┌─ Data in this exercise

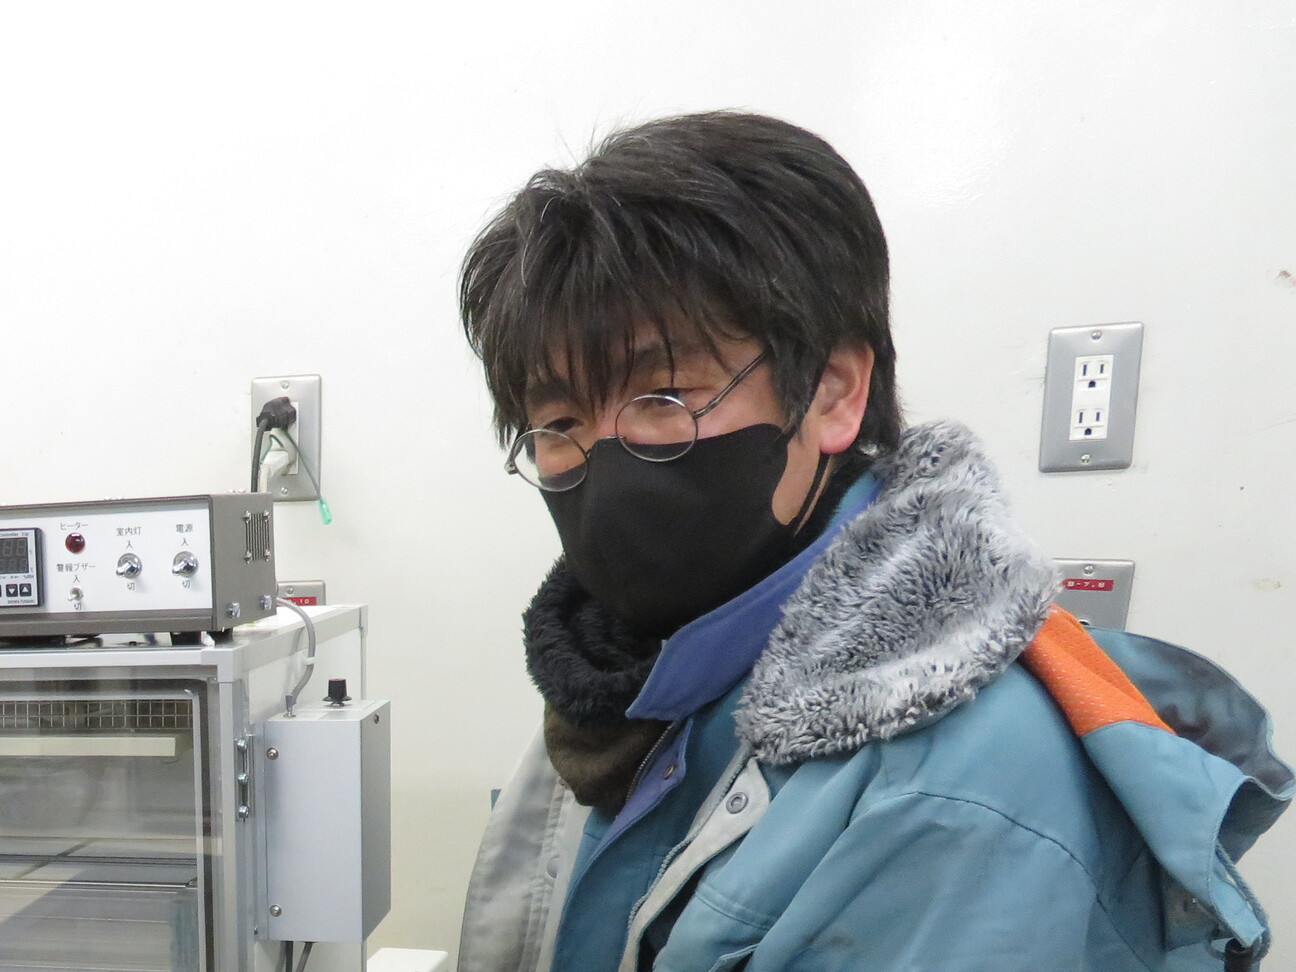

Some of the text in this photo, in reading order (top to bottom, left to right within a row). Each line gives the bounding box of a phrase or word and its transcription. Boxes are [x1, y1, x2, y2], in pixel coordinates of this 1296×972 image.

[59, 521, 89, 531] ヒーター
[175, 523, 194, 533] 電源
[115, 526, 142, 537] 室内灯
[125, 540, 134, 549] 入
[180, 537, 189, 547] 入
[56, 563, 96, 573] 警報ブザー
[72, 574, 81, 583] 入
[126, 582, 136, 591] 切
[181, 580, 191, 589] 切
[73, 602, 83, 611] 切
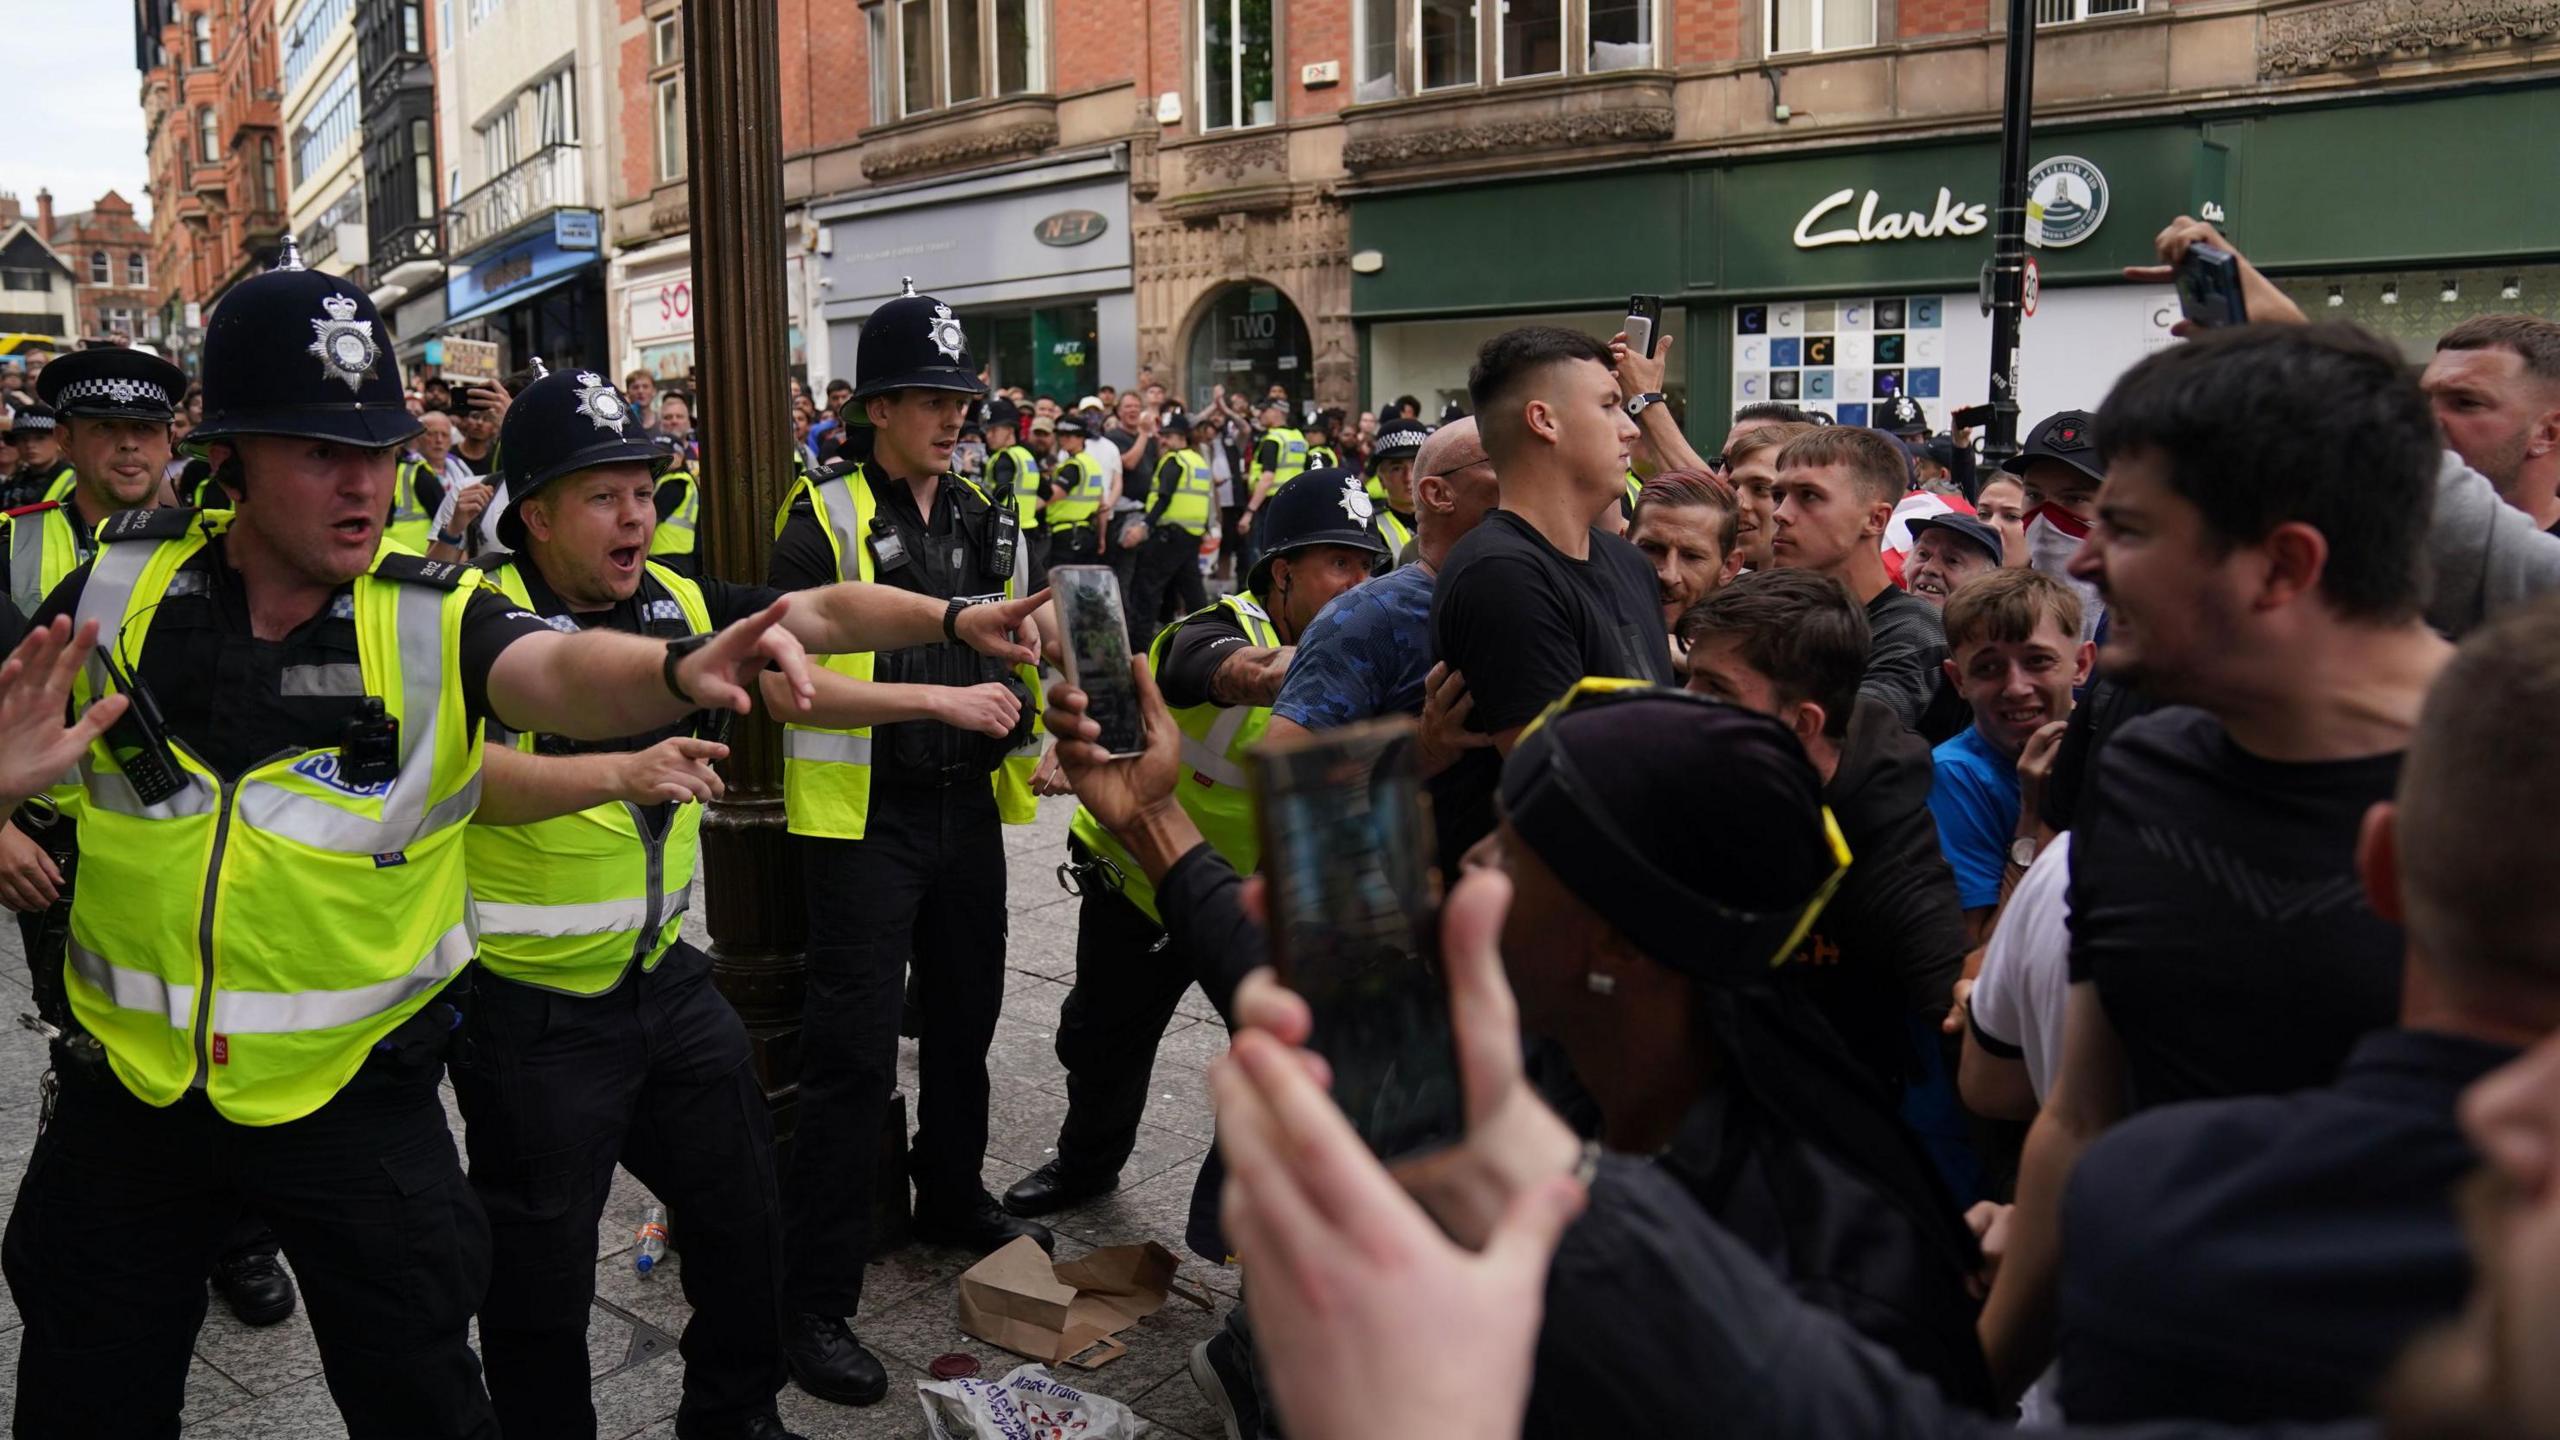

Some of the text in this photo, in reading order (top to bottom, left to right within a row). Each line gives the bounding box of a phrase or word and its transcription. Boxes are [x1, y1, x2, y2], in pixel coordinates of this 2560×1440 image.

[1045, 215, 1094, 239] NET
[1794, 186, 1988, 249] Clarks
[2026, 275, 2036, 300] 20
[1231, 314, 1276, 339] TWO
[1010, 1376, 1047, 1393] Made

└─

Instructions for the task - The records above should be reproduced exactly, with no pictures included.

Result for this exercise -
Some of the text in this photo, in reading order (top to bottom, left to right within a row). Each line gives the bounding box of a phrase or word and its transcription. Boxes are [x1, y1, x2, y2], in pixel coordinates of this 1296×972 image.

[59, 521, 89, 531] ヒーター
[175, 523, 194, 533] 電源
[115, 526, 142, 537] 室内灯
[125, 540, 134, 549] 入
[180, 537, 189, 547] 入
[56, 563, 96, 573] 警報ブザー
[72, 574, 81, 583] 入
[126, 582, 136, 591] 切
[181, 580, 191, 589] 切
[73, 602, 83, 611] 切

Some of the text in this photo, in reading order (top to bottom, left to right within a row). Each line gives the bounding box of a phrase or word and its transcription. Boxes are [x1, y1, x2, y2], in pixel coordinates of this 2560×1440 image.

[1045, 215, 1094, 239] NET
[1794, 186, 1988, 249] Clarks
[2026, 275, 2036, 300] 20
[1231, 314, 1276, 339] TWO
[1010, 1376, 1047, 1393] Made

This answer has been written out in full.